[Numpy-discussion] how to use masked arrays

Wed May 14 11:30:01 EDT 2008

On Wednesday 14 May 2008 02:18:06 Christopher Burns wrote:
> I'm finding it difficult to tell which methods/operations respect the
> mask and which do not, in masked arrays.

Christopher, 
Unfortunately, there's no tutorial yet. Perhaps could you get one started on 
the scipy wiki ? I'm afraid I won't have time to do it myself, but I'd be 
more than happy to fill the gaps.

To answer some of your questions:
>>>import numpy as np, numpy.ma as ma
>>>mydata = ma.array([0,1,2,3,4,5], mask=[1,0,1,0,1,0])

* If you want to access the underlying data directly, these two commands are 
(almost) equivalent [1]:
>>>mydata._data
>>>mydata.view(np.ndarray)
Note that you lose the mask information, and that the values that were masked 
can be bogus.

* If you want to get a copy of the underlying data with masked values set 
to "myvalue", use .filled(myvalue). 
>>>mydata.filled(-999)
array([-99,   1, -99,   3, -99,   5])

If you don't use any argument, ".filled" uses the "fill_value" attribute, 
whose value depends on the dtype:
>>>mydata.fill_value
999999
>>>mydata.filled()
array([999999,      1, 999999,      3, 999999,      5])

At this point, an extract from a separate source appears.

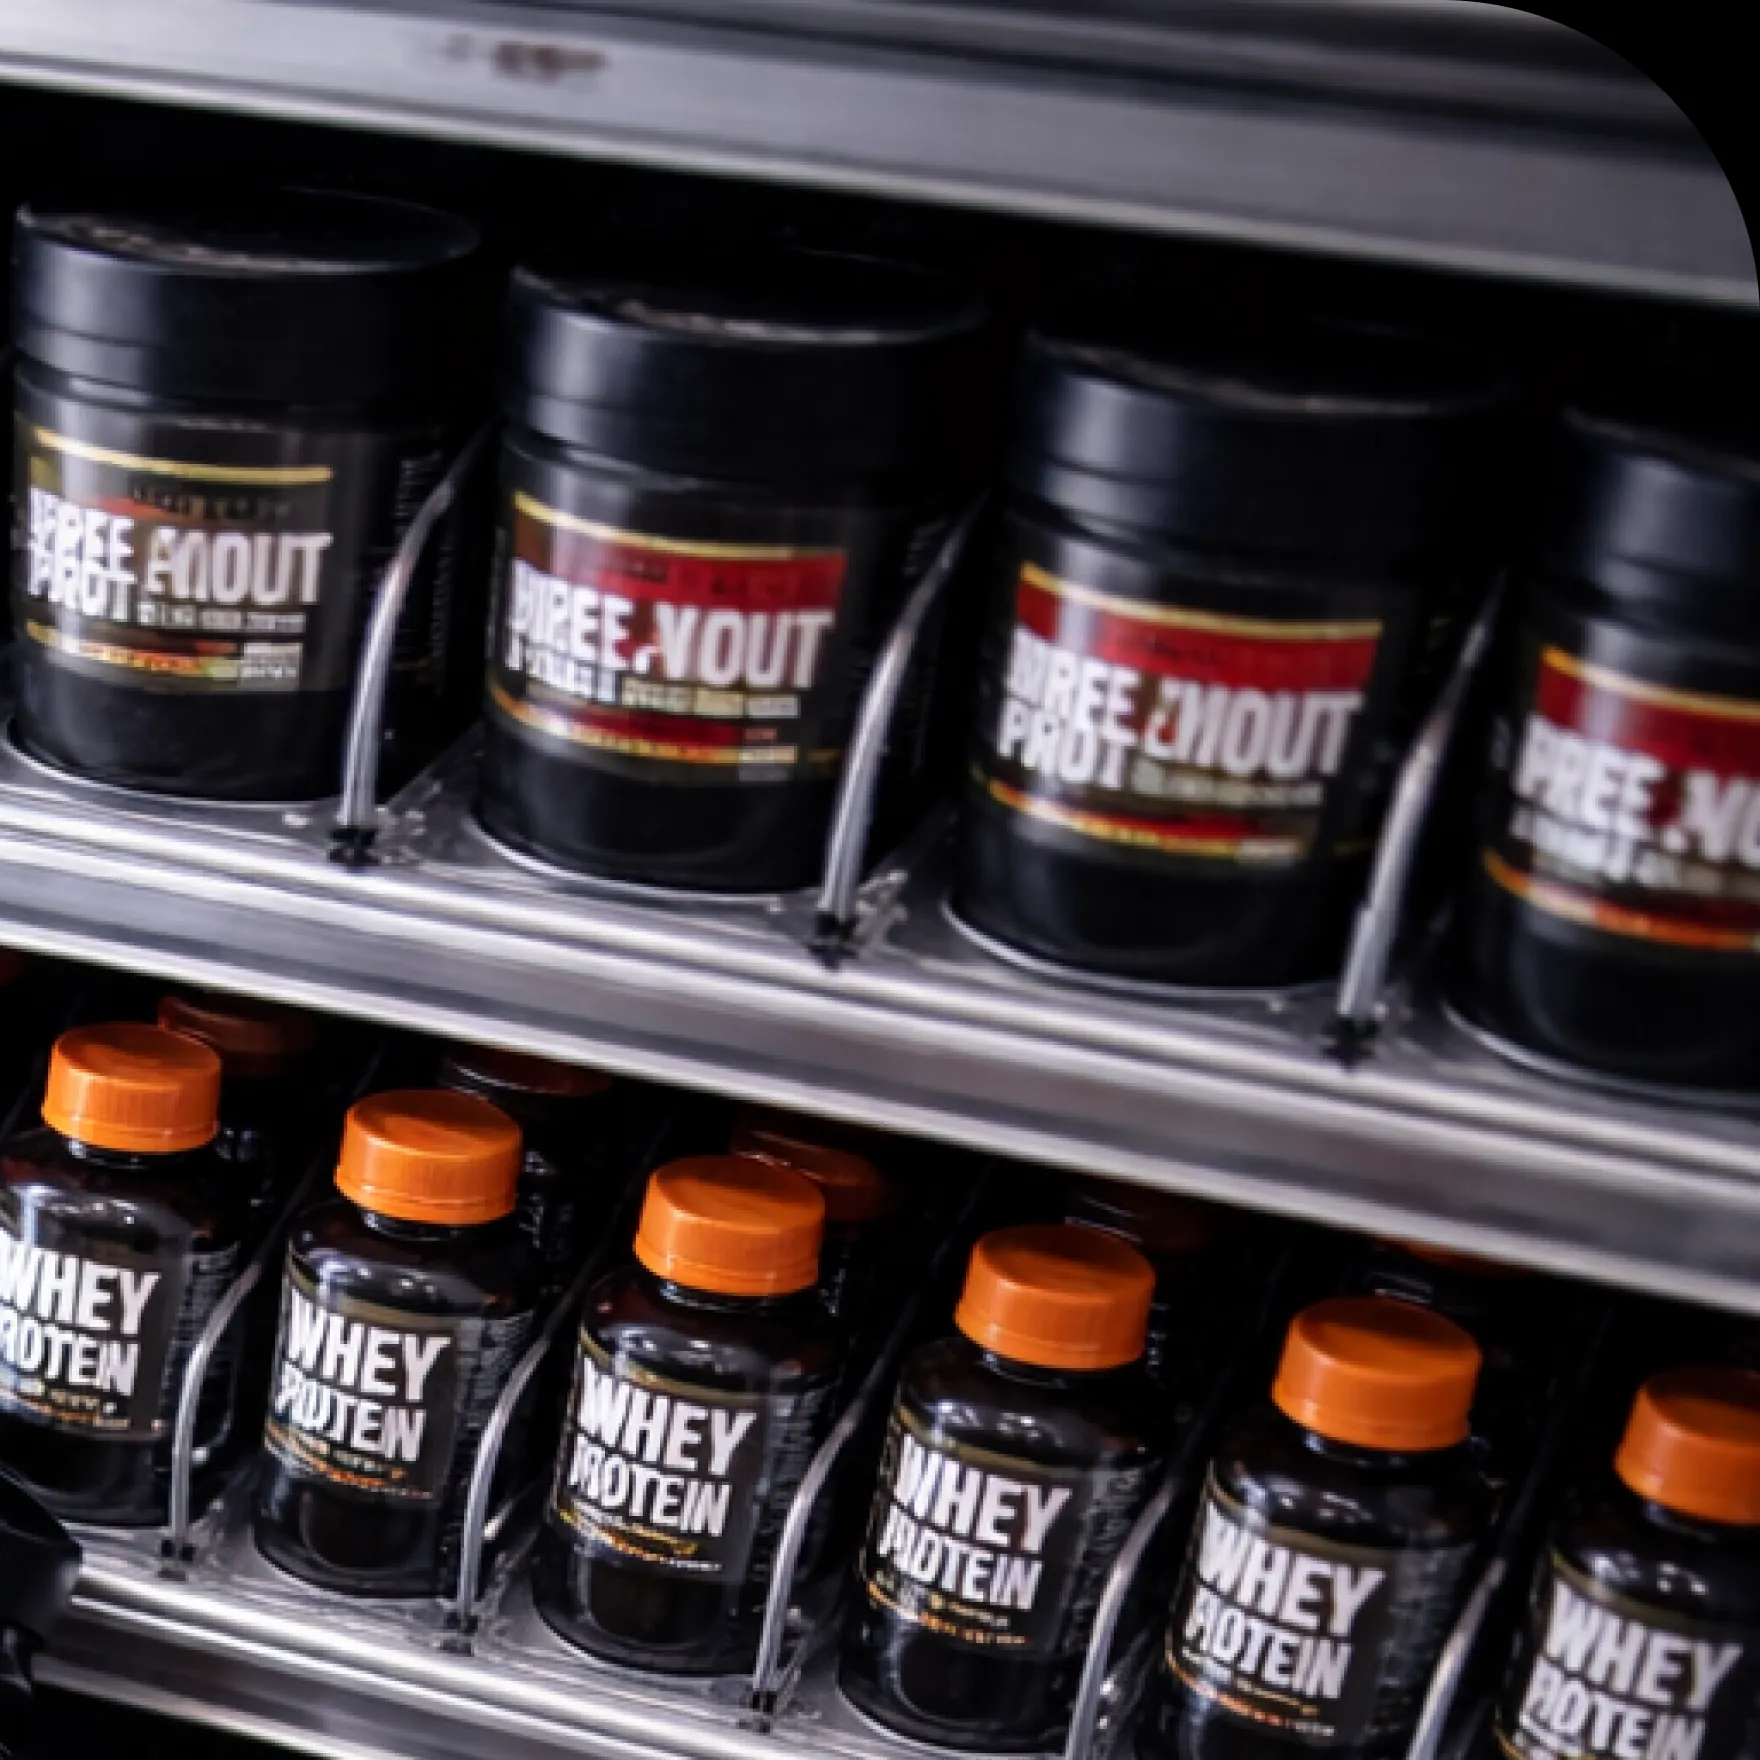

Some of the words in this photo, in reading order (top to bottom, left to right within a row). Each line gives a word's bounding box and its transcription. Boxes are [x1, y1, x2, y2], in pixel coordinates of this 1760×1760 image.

Note that the argument of ".filled" is casted to the dtype of mydata. 
>>>mydata.dtype
dtype('int64')
>>>mydata.filled(np.pi)
array([3, 1, 3, 3, 3, 5])
That can be a problem if you wanted to use NaNs as filling values (a bad idea 
in itself):
>>>mydata.filled(np.nan)
array([0, 1, 0, 3, 0, 5])
Here, you don't have the NaNs you expected because NaNs are for floats, not 
integers.

* Because masked arrays inherit from ndarrays, there's also a "fill" method 
available: this one acts directly on the ._data part, but setting all the 
values at once. The mask is preserved.
>>>mydata.fill(-999)
>>>print mydata
[-- -999 -- -999 -- -999]

You could achieve the same result with this command
>>>mydata.flat = -999

* Assigning a value to a slice of mydata will modify the mask:
>>>mydata = ma.array([0,1,2,3,4,5], mask=[1,0,1,0,1,0])
>>>mydata[:2] = -999
>>>print mydata
[-999 -999 -- 3 -- 5]
>>>mydata[-2:] = ma.masked
>>>print mydata
[-999 -999 -- 3 -- --]

* If you want to make sure you don't unmask data by mistake with slice 
assignments, set the ._hardmask attribute to True (it is set to False by 
default)
>>>mydata = ma.array([0,1,2,3,4,5], mask=[1,0,1,0,1,0], hard_mask=True)
>>>mydata[:2] = -999
>>>print mydata
[-- -999 -- 3 -- 5]
You can change the value of ._hardmask either directly, or with the 
soften_mask() and harden_mask() methods

* 
> Basic methods respect the mask, like mydata.mean(), but np.asarray
> ignores the mask.

Yes, np.asarray(x) is equivalent to np.array(x, copy=False, subok=False). If 
you want to keep the mask, use np.asanyarray, which is equivalent to 
np.array(x, copy=False, subok=True) [2]

>>>mydata = ma.array([0,1,2,3,4,5], mask=[1,0,1,0,1,0])
>>>print mydata.mean()
3.0
>>>print np.asarray(mydata).mean()
2.5
>>>print np.asanyarray(mydata).mean()
3.0
>>>print np.mean(mydata)
3.0
On the last command, np.mean(mydta) tries first to access the .mean method of 
mydata: if mydata hand't such a method, it would be equivalent to 
np.asarray(mydata).mean()

Hope it helps, don't hesitate to ask for more details/explanations. Specific 
examples are always easier.
I'm looking forward to your wiki page ;)

P.

[1] Almost: mydata._data is in fact a shortcut to 
mydata.view(mydata._baseclass), where ._baseclass is the class of the 
underlying data. For example
>>>mxdata=ma.array(np.matrix([[1,2,],[3,4,]]),mask=[[1,0],[0,0]])
>>>print mxdata._baseclass
<class 'numpy.core.defmatrix.matrix'>
>>>print type(mxdata._data)
<class 'numpy.core.defmatrix.matrix'>
>>>print type(mxdata.view(np.ndarray))
<type 'numpy.ndarray'>

[2] Note that np.asanyarray returns a masked array in numpy.ma only, not in 
previous implementations.